SOURCE INFORMATION:
• • • •

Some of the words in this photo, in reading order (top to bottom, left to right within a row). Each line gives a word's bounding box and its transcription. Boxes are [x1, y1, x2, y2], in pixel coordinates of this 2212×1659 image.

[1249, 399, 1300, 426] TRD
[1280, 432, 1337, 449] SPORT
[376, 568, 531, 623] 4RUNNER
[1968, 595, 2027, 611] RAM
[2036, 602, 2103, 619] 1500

• • • •

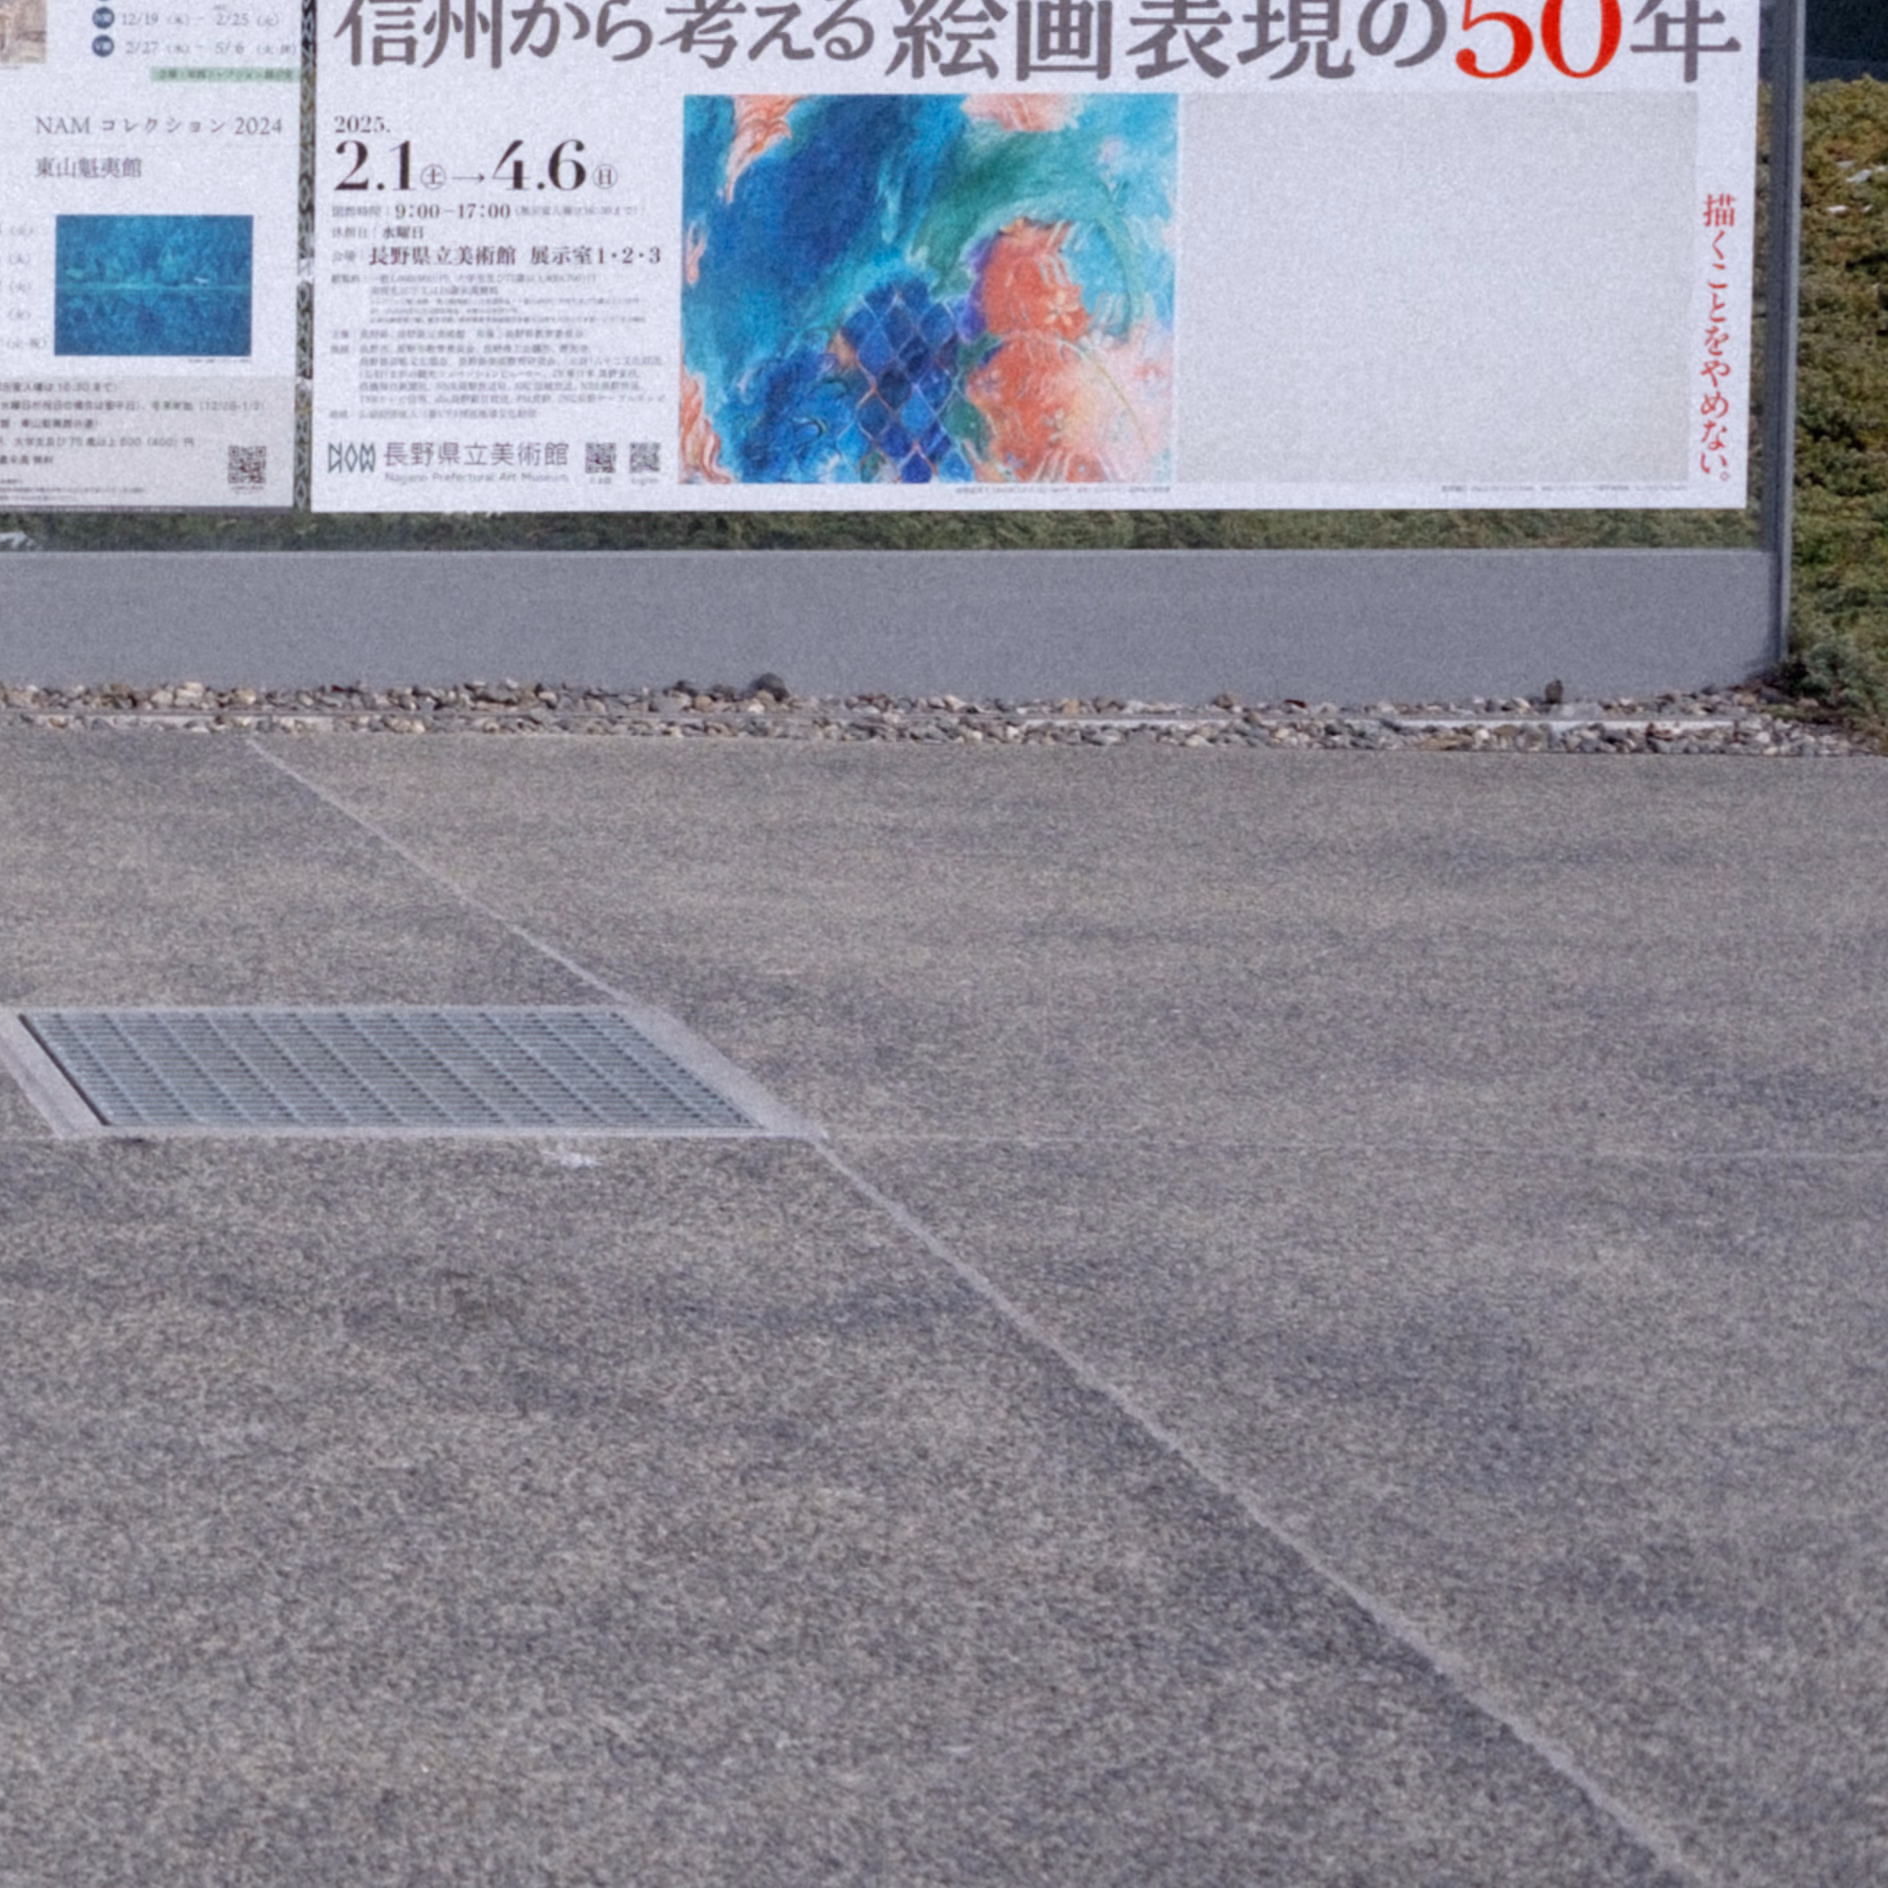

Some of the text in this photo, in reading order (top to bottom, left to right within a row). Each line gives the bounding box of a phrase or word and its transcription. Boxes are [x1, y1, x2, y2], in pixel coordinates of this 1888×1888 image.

• • • •

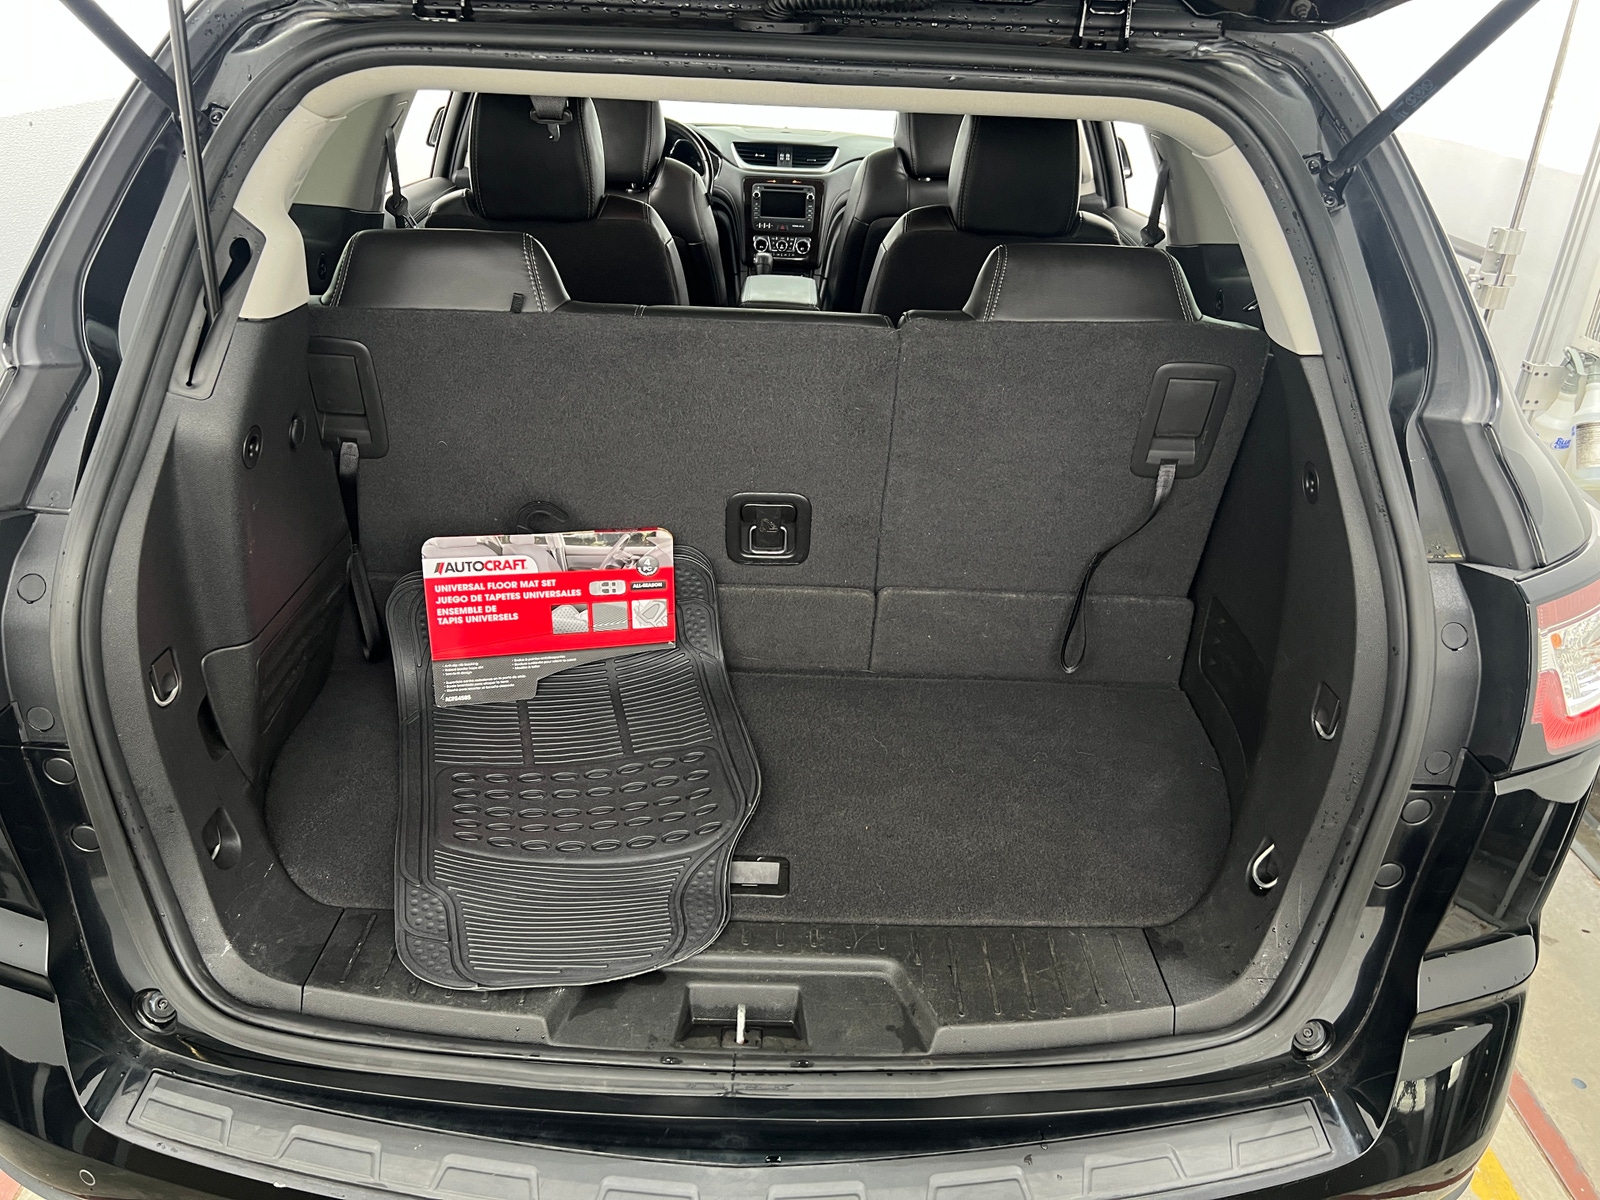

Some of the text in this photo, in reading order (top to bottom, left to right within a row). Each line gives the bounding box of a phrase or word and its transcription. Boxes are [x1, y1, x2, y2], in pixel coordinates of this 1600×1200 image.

• • • •

PROBLEM DESCRIPTION:
Go through the entries above, and wherever a line holds the word "phrase", copy that line.

SOLUTION:
Some of the text in this photo, in reading order (top to bottom, left to right within a row). Each line gives the bounding box of a phrase or word and its transcription. Boxes are [x1, y1, x2, y2], in pixel coordinates of this 1888×1888 image.
Some of the text in this photo, in reading order (top to bottom, left to right within a row). Each line gives the bounding box of a phrase or word and its transcription. Boxes are [x1, y1, x2, y2], in pixel coordinates of this 1600×1200 image.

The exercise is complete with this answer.